All of the entries are to be returned word for word.
+++ Extracted data +++
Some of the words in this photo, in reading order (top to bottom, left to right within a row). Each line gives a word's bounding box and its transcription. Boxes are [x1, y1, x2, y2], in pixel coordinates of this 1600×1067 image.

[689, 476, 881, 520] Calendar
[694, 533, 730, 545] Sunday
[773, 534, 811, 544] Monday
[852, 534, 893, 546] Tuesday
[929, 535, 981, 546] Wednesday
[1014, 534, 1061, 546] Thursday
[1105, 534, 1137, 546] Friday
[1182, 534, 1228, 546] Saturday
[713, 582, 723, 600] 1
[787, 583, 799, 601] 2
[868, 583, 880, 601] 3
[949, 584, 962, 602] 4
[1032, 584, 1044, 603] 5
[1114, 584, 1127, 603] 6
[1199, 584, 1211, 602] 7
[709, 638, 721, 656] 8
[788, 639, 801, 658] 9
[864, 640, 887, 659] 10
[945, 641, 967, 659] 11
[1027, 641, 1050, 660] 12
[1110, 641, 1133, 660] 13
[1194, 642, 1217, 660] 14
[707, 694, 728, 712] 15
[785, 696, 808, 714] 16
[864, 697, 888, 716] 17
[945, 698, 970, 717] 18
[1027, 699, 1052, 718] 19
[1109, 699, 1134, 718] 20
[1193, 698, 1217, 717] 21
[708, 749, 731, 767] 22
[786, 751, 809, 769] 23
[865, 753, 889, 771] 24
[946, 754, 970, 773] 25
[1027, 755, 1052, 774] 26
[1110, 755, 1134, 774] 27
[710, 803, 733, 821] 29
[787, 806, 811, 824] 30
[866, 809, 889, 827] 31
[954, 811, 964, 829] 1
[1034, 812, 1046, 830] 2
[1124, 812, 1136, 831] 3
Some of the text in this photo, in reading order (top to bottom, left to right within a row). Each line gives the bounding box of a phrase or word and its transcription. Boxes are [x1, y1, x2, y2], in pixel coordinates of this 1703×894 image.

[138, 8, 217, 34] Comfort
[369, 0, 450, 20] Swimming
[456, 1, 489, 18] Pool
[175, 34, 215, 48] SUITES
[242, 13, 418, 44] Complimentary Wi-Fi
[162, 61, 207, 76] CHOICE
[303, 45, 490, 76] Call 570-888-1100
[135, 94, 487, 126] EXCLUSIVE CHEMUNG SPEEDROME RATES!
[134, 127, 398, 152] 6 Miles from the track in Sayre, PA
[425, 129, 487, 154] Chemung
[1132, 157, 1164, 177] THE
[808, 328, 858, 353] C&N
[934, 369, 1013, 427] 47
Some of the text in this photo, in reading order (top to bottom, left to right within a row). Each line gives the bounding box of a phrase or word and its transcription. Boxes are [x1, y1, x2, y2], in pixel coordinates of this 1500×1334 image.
+++
== Exercise answer ==
Some of the words in this photo, in reading order (top to bottom, left to right within a row). Each line gives a word's bounding box and its transcription. Boxes are [x1, y1, x2, y2], in pixel coordinates of this 1600×1067 image.

[689, 476, 881, 520] Calendar
[694, 533, 730, 545] Sunday
[773, 534, 811, 544] Monday
[852, 534, 893, 546] Tuesday
[929, 535, 981, 546] Wednesday
[1014, 534, 1061, 546] Thursday
[1105, 534, 1137, 546] Friday
[1182, 534, 1228, 546] Saturday
[713, 582, 723, 600] 1
[787, 583, 799, 601] 2
[868, 583, 880, 601] 3
[949, 584, 962, 602] 4
[1032, 584, 1044, 603] 5
[1114, 584, 1127, 603] 6
[1199, 584, 1211, 602] 7
[709, 638, 721, 656] 8
[788, 639, 801, 658] 9
[864, 640, 887, 659] 10
[945, 641, 967, 659] 11
[1027, 641, 1050, 660] 12
[1110, 641, 1133, 660] 13
[1194, 642, 1217, 660] 14
[707, 694, 728, 712] 15
[785, 696, 808, 714] 16
[864, 697, 888, 716] 17
[945, 698, 970, 717] 18
[1027, 699, 1052, 718] 19
[1109, 699, 1134, 718] 20
[1193, 698, 1217, 717] 21
[708, 749, 731, 767] 22
[786, 751, 809, 769] 23
[865, 753, 889, 771] 24
[946, 754, 970, 773] 25
[1027, 755, 1052, 774] 26
[1110, 755, 1134, 774] 27
[710, 803, 733, 821] 29
[787, 806, 811, 824] 30
[866, 809, 889, 827] 31
[954, 811, 964, 829] 1
[1034, 812, 1046, 830] 2
[1124, 812, 1136, 831] 3
Some of the text in this photo, in reading order (top to bottom, left to right within a row). Each line gives the bounding box of a phrase or word and its transcription. Boxes are [x1, y1, x2, y2], in pixel coordinates of this 1703×894 image.

[138, 8, 217, 34] Comfort
[369, 0, 450, 20] Swimming
[456, 1, 489, 18] Pool
[175, 34, 215, 48] SUITES
[242, 13, 418, 44] Complimentary Wi-Fi
[162, 61, 207, 76] CHOICE
[303, 45, 490, 76] Call 570-888-1100
[135, 94, 487, 126] EXCLUSIVE CHEMUNG SPEEDROME RATES!
[134, 127, 398, 152] 6 Miles from the track in Sayre, PA
[425, 129, 487, 154] Chemung
[1132, 157, 1164, 177] THE
[808, 328, 858, 353] C&N
[934, 369, 1013, 427] 47
Some of the text in this photo, in reading order (top to bottom, left to right within a row). Each line gives the bounding box of a phrase or word and its transcription. Boxes are [x1, y1, x2, y2], in pixel coordinates of this 1500×1334 image.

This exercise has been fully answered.